■ Required action: Lines before the one containing "this 1600×1000 image." are excluded; retype that line and all remaining lines of the material exactly.

■ Source information:
————
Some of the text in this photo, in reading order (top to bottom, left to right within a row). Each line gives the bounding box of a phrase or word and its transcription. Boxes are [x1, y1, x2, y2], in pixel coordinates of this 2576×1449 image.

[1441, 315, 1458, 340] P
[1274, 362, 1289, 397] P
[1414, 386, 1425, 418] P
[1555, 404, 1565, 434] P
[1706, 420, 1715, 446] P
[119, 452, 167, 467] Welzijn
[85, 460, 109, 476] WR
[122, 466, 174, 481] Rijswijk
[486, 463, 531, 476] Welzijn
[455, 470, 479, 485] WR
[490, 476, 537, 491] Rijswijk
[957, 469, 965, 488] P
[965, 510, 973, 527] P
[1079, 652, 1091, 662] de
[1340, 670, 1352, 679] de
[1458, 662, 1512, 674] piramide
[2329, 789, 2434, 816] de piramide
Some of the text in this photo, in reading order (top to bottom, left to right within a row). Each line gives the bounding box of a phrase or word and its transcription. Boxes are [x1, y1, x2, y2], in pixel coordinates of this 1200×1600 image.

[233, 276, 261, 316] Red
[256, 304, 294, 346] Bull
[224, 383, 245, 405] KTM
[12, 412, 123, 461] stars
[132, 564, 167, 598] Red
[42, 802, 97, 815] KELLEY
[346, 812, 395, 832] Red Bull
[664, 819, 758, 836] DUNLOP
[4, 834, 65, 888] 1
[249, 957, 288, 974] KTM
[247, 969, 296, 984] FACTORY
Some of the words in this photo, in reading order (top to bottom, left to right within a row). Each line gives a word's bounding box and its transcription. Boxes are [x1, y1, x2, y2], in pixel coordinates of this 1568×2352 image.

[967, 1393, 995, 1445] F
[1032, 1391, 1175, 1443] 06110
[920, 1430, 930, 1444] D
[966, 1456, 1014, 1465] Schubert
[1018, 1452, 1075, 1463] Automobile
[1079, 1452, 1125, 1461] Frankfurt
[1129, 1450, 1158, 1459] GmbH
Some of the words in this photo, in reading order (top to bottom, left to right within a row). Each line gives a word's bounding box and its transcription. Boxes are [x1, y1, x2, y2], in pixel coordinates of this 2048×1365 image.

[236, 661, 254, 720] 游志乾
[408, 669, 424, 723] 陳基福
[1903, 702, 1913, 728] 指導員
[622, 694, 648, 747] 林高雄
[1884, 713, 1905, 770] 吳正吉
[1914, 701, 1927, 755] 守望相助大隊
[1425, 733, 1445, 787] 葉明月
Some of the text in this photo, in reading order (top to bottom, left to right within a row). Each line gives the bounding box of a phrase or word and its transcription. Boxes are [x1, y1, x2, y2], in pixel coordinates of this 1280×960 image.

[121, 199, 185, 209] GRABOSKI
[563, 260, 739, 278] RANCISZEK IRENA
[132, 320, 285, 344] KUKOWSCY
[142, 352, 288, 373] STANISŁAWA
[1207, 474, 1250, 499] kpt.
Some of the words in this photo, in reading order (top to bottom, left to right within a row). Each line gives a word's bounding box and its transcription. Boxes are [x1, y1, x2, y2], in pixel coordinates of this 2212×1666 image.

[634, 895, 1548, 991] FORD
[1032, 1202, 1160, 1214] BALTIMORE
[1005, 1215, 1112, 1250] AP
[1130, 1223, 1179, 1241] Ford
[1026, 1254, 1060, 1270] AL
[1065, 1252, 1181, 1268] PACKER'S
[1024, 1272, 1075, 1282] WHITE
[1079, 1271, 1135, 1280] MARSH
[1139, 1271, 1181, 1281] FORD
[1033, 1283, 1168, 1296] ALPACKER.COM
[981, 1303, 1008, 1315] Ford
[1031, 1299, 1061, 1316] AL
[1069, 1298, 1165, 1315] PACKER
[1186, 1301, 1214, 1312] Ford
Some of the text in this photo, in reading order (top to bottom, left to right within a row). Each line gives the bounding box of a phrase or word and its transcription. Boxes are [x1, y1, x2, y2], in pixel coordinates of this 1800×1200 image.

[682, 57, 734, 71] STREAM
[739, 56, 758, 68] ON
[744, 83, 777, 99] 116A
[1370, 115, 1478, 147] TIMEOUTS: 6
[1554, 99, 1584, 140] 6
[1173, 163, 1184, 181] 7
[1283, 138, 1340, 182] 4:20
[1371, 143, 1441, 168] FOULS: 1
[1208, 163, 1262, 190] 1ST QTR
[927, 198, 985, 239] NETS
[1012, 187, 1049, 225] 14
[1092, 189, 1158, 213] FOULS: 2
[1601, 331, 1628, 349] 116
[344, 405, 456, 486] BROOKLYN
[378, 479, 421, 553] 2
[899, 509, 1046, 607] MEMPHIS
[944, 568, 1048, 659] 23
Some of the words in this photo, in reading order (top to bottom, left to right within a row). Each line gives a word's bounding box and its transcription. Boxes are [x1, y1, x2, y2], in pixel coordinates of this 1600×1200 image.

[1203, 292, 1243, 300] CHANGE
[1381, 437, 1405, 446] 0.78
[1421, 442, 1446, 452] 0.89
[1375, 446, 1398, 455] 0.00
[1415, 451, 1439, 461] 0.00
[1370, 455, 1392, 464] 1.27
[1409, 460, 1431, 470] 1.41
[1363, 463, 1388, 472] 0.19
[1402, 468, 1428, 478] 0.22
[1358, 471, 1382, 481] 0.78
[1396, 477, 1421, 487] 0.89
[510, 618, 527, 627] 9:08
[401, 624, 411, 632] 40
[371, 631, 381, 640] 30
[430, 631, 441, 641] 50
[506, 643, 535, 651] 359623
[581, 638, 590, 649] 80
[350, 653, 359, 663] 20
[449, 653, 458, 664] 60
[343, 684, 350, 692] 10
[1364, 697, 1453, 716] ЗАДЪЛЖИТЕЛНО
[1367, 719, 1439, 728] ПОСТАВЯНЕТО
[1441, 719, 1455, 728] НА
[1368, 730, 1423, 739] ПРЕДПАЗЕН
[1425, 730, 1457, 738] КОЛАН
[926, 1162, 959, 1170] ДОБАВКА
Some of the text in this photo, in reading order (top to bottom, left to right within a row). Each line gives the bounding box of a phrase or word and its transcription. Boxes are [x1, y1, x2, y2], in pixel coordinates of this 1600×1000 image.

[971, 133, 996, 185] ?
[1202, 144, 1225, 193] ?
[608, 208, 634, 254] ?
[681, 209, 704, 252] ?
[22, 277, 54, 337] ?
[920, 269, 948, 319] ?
————
■ Task solution:
Some of the text in this photo, in reading order (top to bottom, left to right within a row). Each line gives the bounding box of a phrase or word and its transcription. Boxes are [x1, y1, x2, y2], in pixel coordinates of this 1600×1000 image.

[971, 133, 996, 185] ?
[1202, 144, 1225, 193] ?
[608, 208, 634, 254] ?
[681, 209, 704, 252] ?
[22, 277, 54, 337] ?
[920, 269, 948, 319] ?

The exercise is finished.